Supplied records START

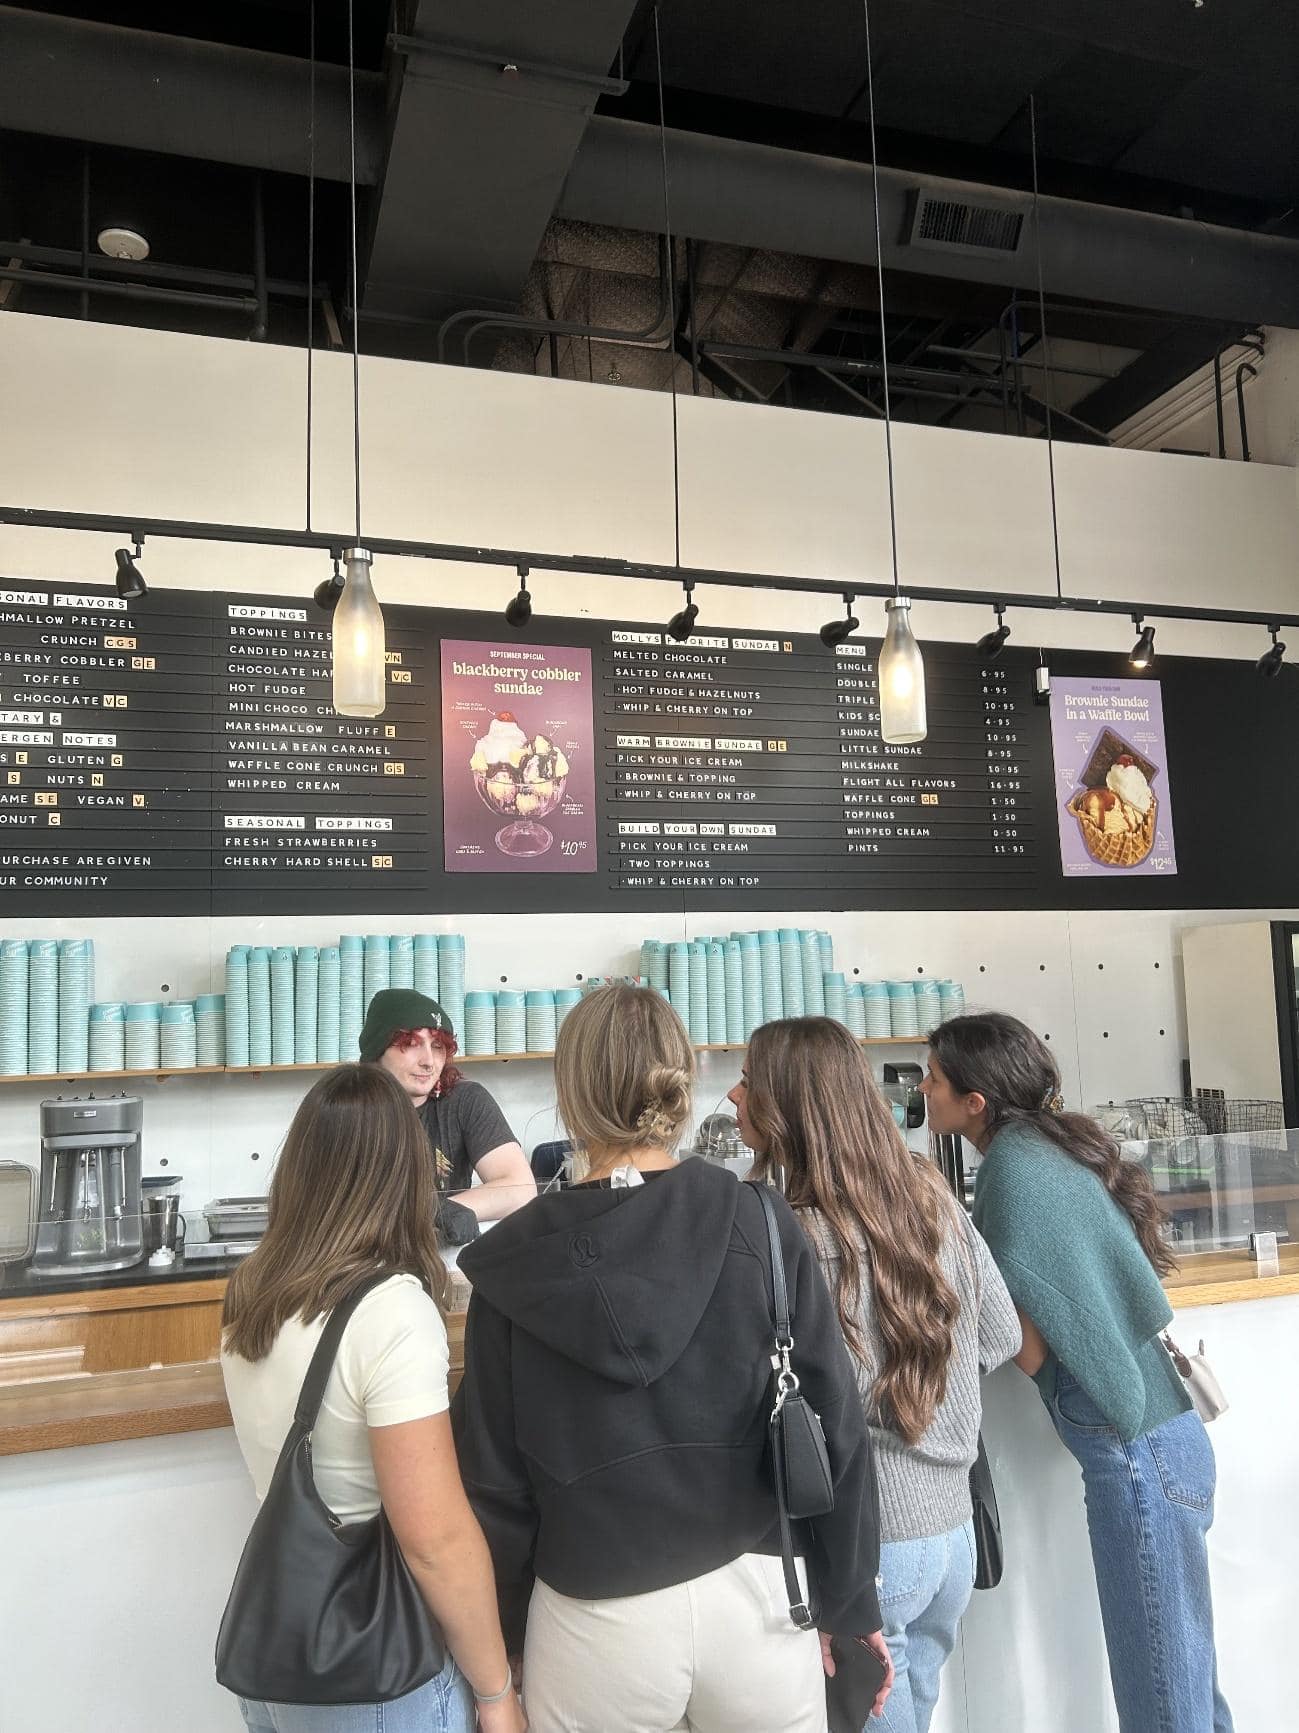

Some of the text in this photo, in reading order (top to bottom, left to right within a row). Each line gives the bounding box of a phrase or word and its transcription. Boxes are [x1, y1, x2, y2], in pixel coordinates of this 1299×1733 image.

[0, 593, 125, 609] ONAL FLAVORS
[230, 607, 305, 620] TOPPINGS
[71, 616, 136, 629] PRETZEL
[230, 626, 333, 641] BROWNIE BITES
[40, 635, 98, 646] CRUNCH
[612, 632, 778, 650] MOLLYS FVORITE SUNDAE
[229, 645, 288, 657] CANDIED
[294, 649, 334, 660] HAZEL
[489, 650, 546, 661] SEPTEMBER SPECIAL
[836, 647, 865, 655] MENU
[0, 652, 52, 664] BERRY
[60, 655, 126, 667] COBBLER
[613, 650, 728, 665] MELTED CHOCOLATE
[228, 664, 306, 676] CHOCOLATE
[452, 661, 582, 682] blackberry cobbler
[836, 662, 873, 672] SINGLE
[23, 673, 81, 685] TOFFEE
[615, 667, 714, 681] SALTED CARAMEL
[229, 683, 306, 695] HOT FUDGE
[494, 681, 544, 696] sundae
[837, 679, 877, 688] DOUBLE
[649, 686, 685, 697] FUDGE
[688, 688, 695, 697] &
[698, 689, 761, 700] HAZELNUTS
[13, 693, 99, 705] CHOCOLATE
[837, 695, 875, 705] TRIPLE
[1064, 694, 1149, 708] Brownie Sundae
[229, 702, 308, 714] MINI CHOCO
[654, 703, 662, 712] &
[666, 704, 709, 714] CHERRY
[713, 706, 728, 715] ON
[733, 707, 753, 716] TOP
[838, 712, 863, 720] KIDS
[867, 713, 881, 721] SC
[1066, 708, 1150, 722] in a Waffle Bowl
[225, 721, 324, 733] MARSHMALLOW
[338, 726, 380, 736] FLUFF
[840, 728, 880, 737] SUNDAE
[64, 736, 114, 745] NOTES
[617, 737, 650, 746] WARM
[656, 739, 710, 748] BROWNIE
[717, 741, 761, 750] SUNDAE
[228, 741, 391, 755] VANILLA BEAN CARAMEL
[840, 744, 922, 755] LITTLE SUNDAE
[47, 755, 105, 765] GLUTEN
[618, 754, 743, 767] PICK YOUR ICE CREAM
[841, 761, 899, 770] MILKSHAKE
[228, 760, 281, 770] WAFFLE
[286, 761, 321, 771] CONE
[327, 762, 378, 773] CRUNCH
[47, 775, 85, 785] NUTS
[677, 773, 684, 782] &
[689, 774, 736, 784] TOPPING
[843, 777, 881, 787] FLIGHT
[885, 778, 905, 787] ALL
[911, 779, 957, 789] FLAVORS
[227, 779, 340, 791] WHIPPED CREAM
[77, 795, 125, 805] VEGAN
[656, 790, 663, 799] &
[668, 791, 711, 800] CHERRY
[716, 791, 731, 800] ON
[736, 792, 757, 801] TOP
[844, 794, 884, 803] WAFFLE
[890, 795, 916, 803] CONE
[844, 810, 895, 820] TOPPINGS
[227, 818, 391, 829] SEASONAL TOPPINGS
[620, 825, 775, 834] BUILD YOUR OWN SUNDAE
[846, 827, 892, 836] WHIPPED
[896, 828, 930, 837] CREAM
[224, 837, 377, 848] FRESH STRAWBERRIES
[619, 842, 749, 852] PICK YOUR ICE CREAM
[848, 844, 879, 853] PINTS
[2, 855, 70, 865] URCHASE
[224, 856, 277, 866] CHERRY
[286, 857, 321, 866] HARD
[327, 857, 368, 867] SHELL
[655, 860, 710, 869] TOPPINGS
[24, 876, 108, 886] COMMUNITY
[659, 877, 666, 885] &
[671, 877, 714, 886] CHERRY
[719, 877, 734, 886] ON
[739, 877, 760, 886] TOP

Supplied records END

Within the material, how many lines hold "PICK"? Say only the number.

2